Data Engineer, Baseball Operations - New York Yankees (Bronx · NY)
The New York Yankees Baseball Operations department is accepting applications for an experienced data engineer with a focus on data quality analysis. This position reports to our senior Baseball Operations executives and will assist in the development and maintenance of our data processing pipelines. This position is based in Bronx, NY.

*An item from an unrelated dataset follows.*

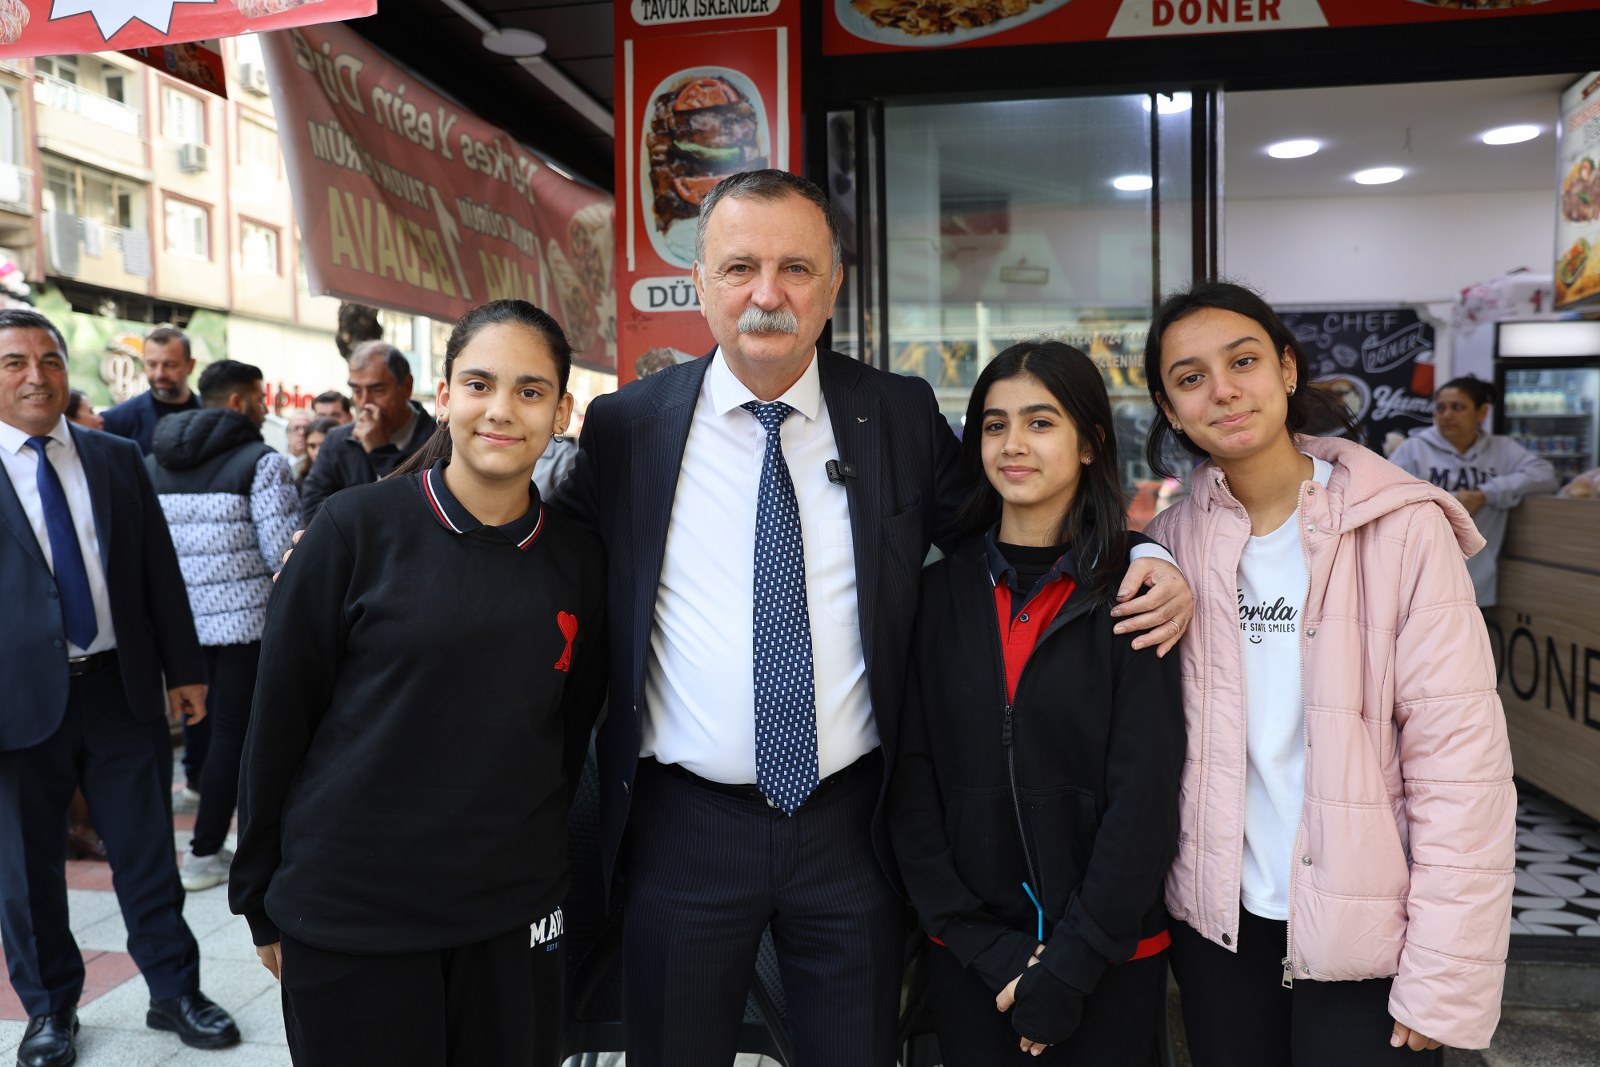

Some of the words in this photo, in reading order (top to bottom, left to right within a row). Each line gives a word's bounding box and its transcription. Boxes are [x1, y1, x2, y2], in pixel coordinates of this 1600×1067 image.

[641, 0, 690, 21] TAVUK
[1323, 312, 1399, 334] CHEF
[1268, 623, 1296, 633] SMILES

- Prepare, clean, format analytical datasets for processing by data scientists
- Become an expert in our datasets, their strengths and weaknesses and write code to pull and verify data in response to data scientist requests
- Using R, visualize complex, multi-source data to pinpoint data quality issues
- Build automated pipelines for processing and cleaning data
- Conduct database feature engineering to support ongoing quantitative research
- Work with developers to create and deploy systems for anomaly detection
- Interface with data scientists, software developers, and other baseball operations staff as needed
- Design department-wide principles and workflow for data quality management
- Serve as the main point-of-contact for questions about data structures, definitions, and quality
- Bachelor’s degree in Computer Science or related field
- 3+ years of experience developing in SQL (preferably T-SQL)
- 2+ years of experience with data profiling, data modeling, and data pipeline development
- 2+ years of experience developing in R (or a similar statistical programming language), including experience with data manipulation and visualization in that language
- Ability to write succinct code with optimal performance and simplicity
- Excellent communication and problem-solving skills – must be able to break down a complex task and put together an execution strategy with little guidance
- An understanding of typical baseball data structures, basic and advanced baseball metrics, and knowledge of current baseball research areas
Describe your experience writing in T-SQL.
Describe your experience writing in R. What packages do you use most?
Describe your experience with data engineering and the specific techniques you’ve used.
At a high-level, describe briefly what steps you would take to identify data biases or inconsistencies in an unfamiliar/new dataset?
Have you ever worked with baseball data sets before? If so, please describe which ones and how you used them.
How did you hear about this job?